My Turn: Mad about MOOCs? We’re missing the point
The rapid rise of massive open online courses (MOOCs) is an exciting development for higher education, drawing Harvard, M.I.T., Stanford, and other top schools into ventures touted as revolutionizing the way we learn, what we pay for it, and who can participate.
Here’s what that dramatic narrative fails to acknowledge: The revolution is already here – and it’s not MOOCs. It’s the blended learning that for more than a decade has mixed online instruction and residential coursework.
This revolution, which has a superficial resemblance to MOOCs, has been expanding steadily and quietly over the past 10 years, which may explain why the fanfare has gone instead to MOOCs, whose overnight growth has drawn attention normally reserved for 21-year-old pitching phenoms.
MOOCs get the ink – Harvard’s and M.I.T.’s investment of $30 million each into the edX platform and the venture money flowing into Stanford spinoffs Coursera and Udacity have legitimized efforts to expand the reach and scale of online learning – but the real story is this growth of blended learning and the team approach to teaching that is necessary to create these new courses. Across higher ed, faculty are collaborating with learning designers, librarians, media specialists and educational technologists to create blended courses that take advantage of the intimacy and flexibility of face-to-face learning, while leveraging the productivity and convenience of online and mobile learning.
MOOCs share a common set of technologies, such as learning management platforms and faculty presentation capture and video sharing tools, with blended courses. But that is largely where the similarities end.
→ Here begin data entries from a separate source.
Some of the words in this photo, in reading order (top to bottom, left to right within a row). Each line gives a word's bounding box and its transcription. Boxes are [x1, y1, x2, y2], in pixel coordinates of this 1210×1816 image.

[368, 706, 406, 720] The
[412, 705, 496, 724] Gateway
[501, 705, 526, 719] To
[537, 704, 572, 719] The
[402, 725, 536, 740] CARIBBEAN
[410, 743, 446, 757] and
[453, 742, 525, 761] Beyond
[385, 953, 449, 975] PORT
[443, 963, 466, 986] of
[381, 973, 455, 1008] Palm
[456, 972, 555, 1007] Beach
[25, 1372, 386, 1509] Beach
The instructional design community that has been applying new learning technologies for the last decade understands that our approach has benefited from the positive attention heaped onto MOOCs, but we are acutely aware that this attention is largely misplaced.
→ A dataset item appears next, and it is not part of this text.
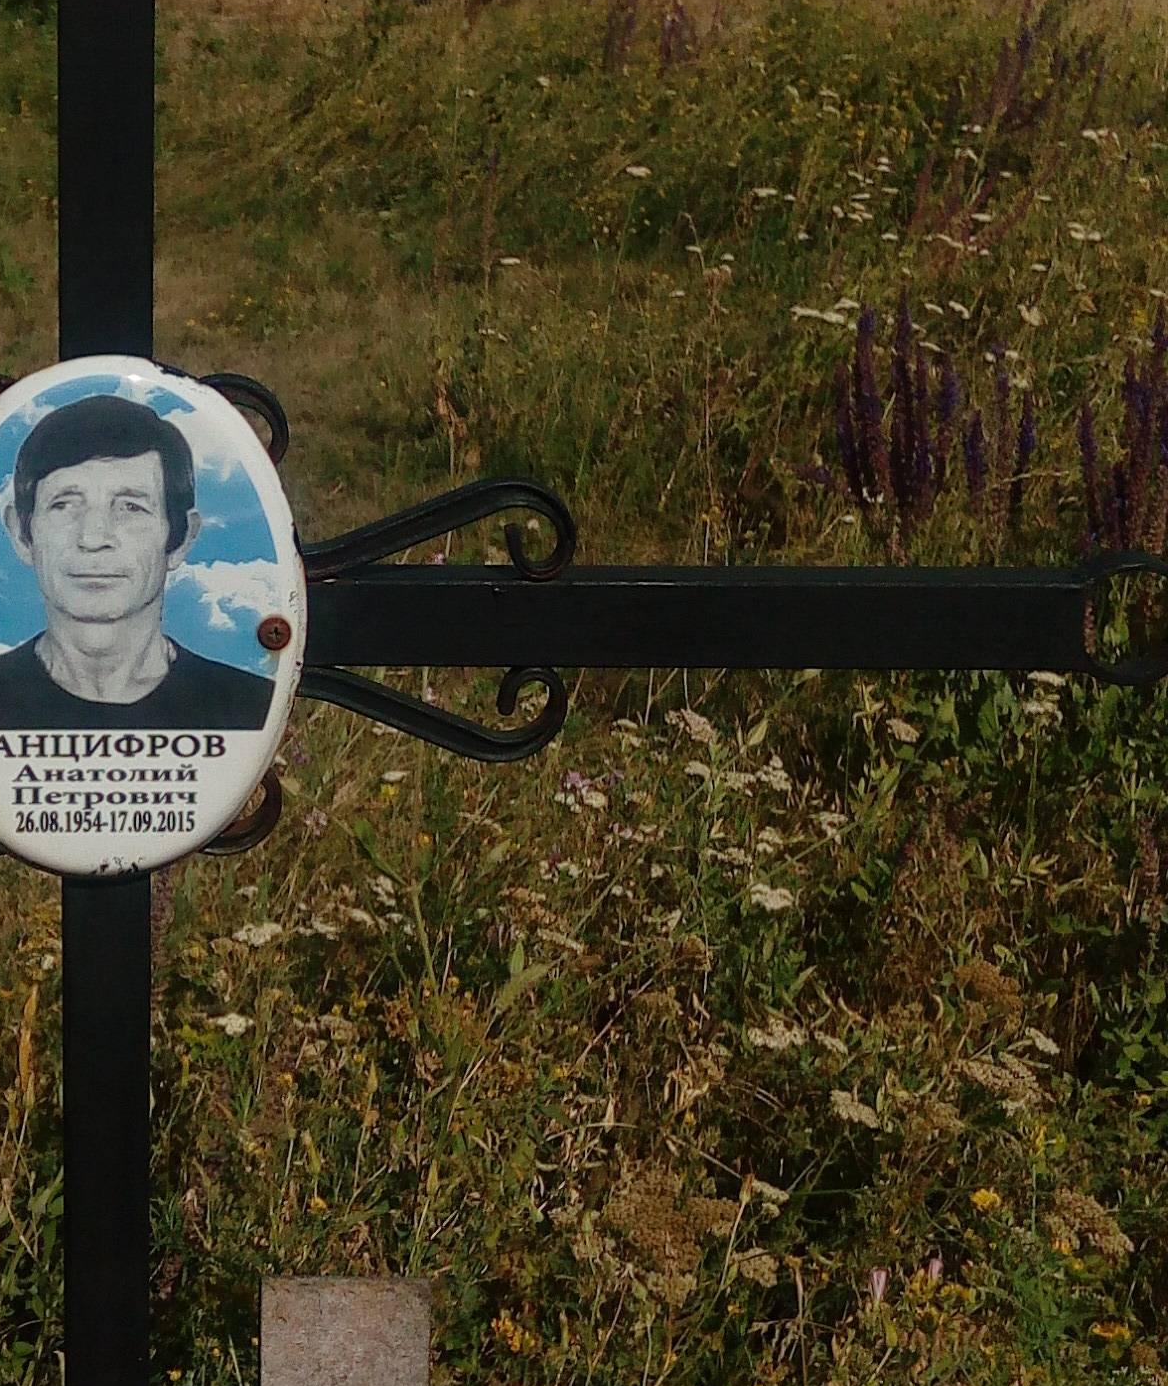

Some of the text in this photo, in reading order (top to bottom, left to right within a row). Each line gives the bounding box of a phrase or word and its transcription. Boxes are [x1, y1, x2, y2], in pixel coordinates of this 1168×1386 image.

[12, 763, 198, 782] Анатолий
[11, 786, 198, 811] Петрович
[15, 810, 196, 833] 26.08.1954-17.09.2015
I have experienced this irony firsthand in my role as part of a team that helped to start a small, blended graduate program at Dartmouth. Our Master of Health Care Delivery Science program is a joint initiative between Dartmouth’s Tuck School of Business and The Dartmouth Institute in our Geisel School of Medicine. The program hopes to leverage what the online-learning community knows about teaching from over a decade of experience. These lessons have very little to do with technology and more to do with a better understanding of how people learn and the commitment to apply technology as a lever to improve learning.
Four campus visits
What does this look like in practice? There are about 90 students in our program, all of whom are mid-career health-care professionals and rising leaders in the industry. Nearly all of the learning is done online. Students come to campus four times, for a total of six weeks, during the 18-month program for intensive in-class interaction.
Our understanding of successful online learning hinges on the strength of the relationships between our faculty and students, and the degree to which our classes form a cohesive and personal learning community. The residential portion of the program strengthens the cohesion. Our goal is to create an intimate learning experience and to catalyze the co-creation of knowledge between learner and faculty.
An effective course is not only about the transmission of knowledge from the faculty’s brain to the brains of the student. Rather, we understand that authentic learning requires students to actively engage with the material, to challenge their own and their colleagues’ ideas, and to build on their existing knowledge and experiences.
What the Master of Health Care Delivery Science is trying to do at Dartmouth, and what my colleagues elsewhere in the blended learning community have been working toward for more than a decade, is to find ways to overcome the constraints of space and time in teaching and learning. We have been refining both our understanding of how people learn and the technology platforms that allow learning from a distance. The combination is enabling us to offer blended courses to students who would otherwise be excluded from a post-secondary education.
Our model is the seminar model, built on faculty-student interaction. Relationships like these, unlike other services on the internet, do not scale. Our model bears no resemblance to the MOOC model – a class of tens of thousands who never have face-to-face interactions with their professors or fellow students.
Blended learning, unlike MOOCs, has the potential to alter the economics of post-secondary education. Courses that take advantage of online technologies to deliver content and encourage collaboration can then better use scarce classroom and lab space. By moving some instruction online (or increasingly into mobile learning), existing classrooms and labs can be more intensively used by more classes. The only method to increase productivity in a high fixed-cost environment, such as a campus with our expensive academic buildings, is increased throughput.
Blended learning will allow us to grow the number of students we can serve without incurring the long-term capital costs of construction, a savings that has the potential to be plowed into expanding access and lowering tuition costs.
MOOCs, whatever their potential and promise, do not offer a business model that will enable either savings or new revenue for higher education.
We should celebrate the growth of MOOCs for the potential they represent, but also be careful to distinguish them from the larger learning and technology story that has been playing out for years in higher education. The growth of high-quality, blended degree programs at selective institutions is the real online learning story that many in the media – awestruck by the overnight success story of MOOCs – have missed. This is the real revolution.
(Joshua Kim is director of learning and technology for Dartmouth College’s Masters in Health Care Delivery Science program.)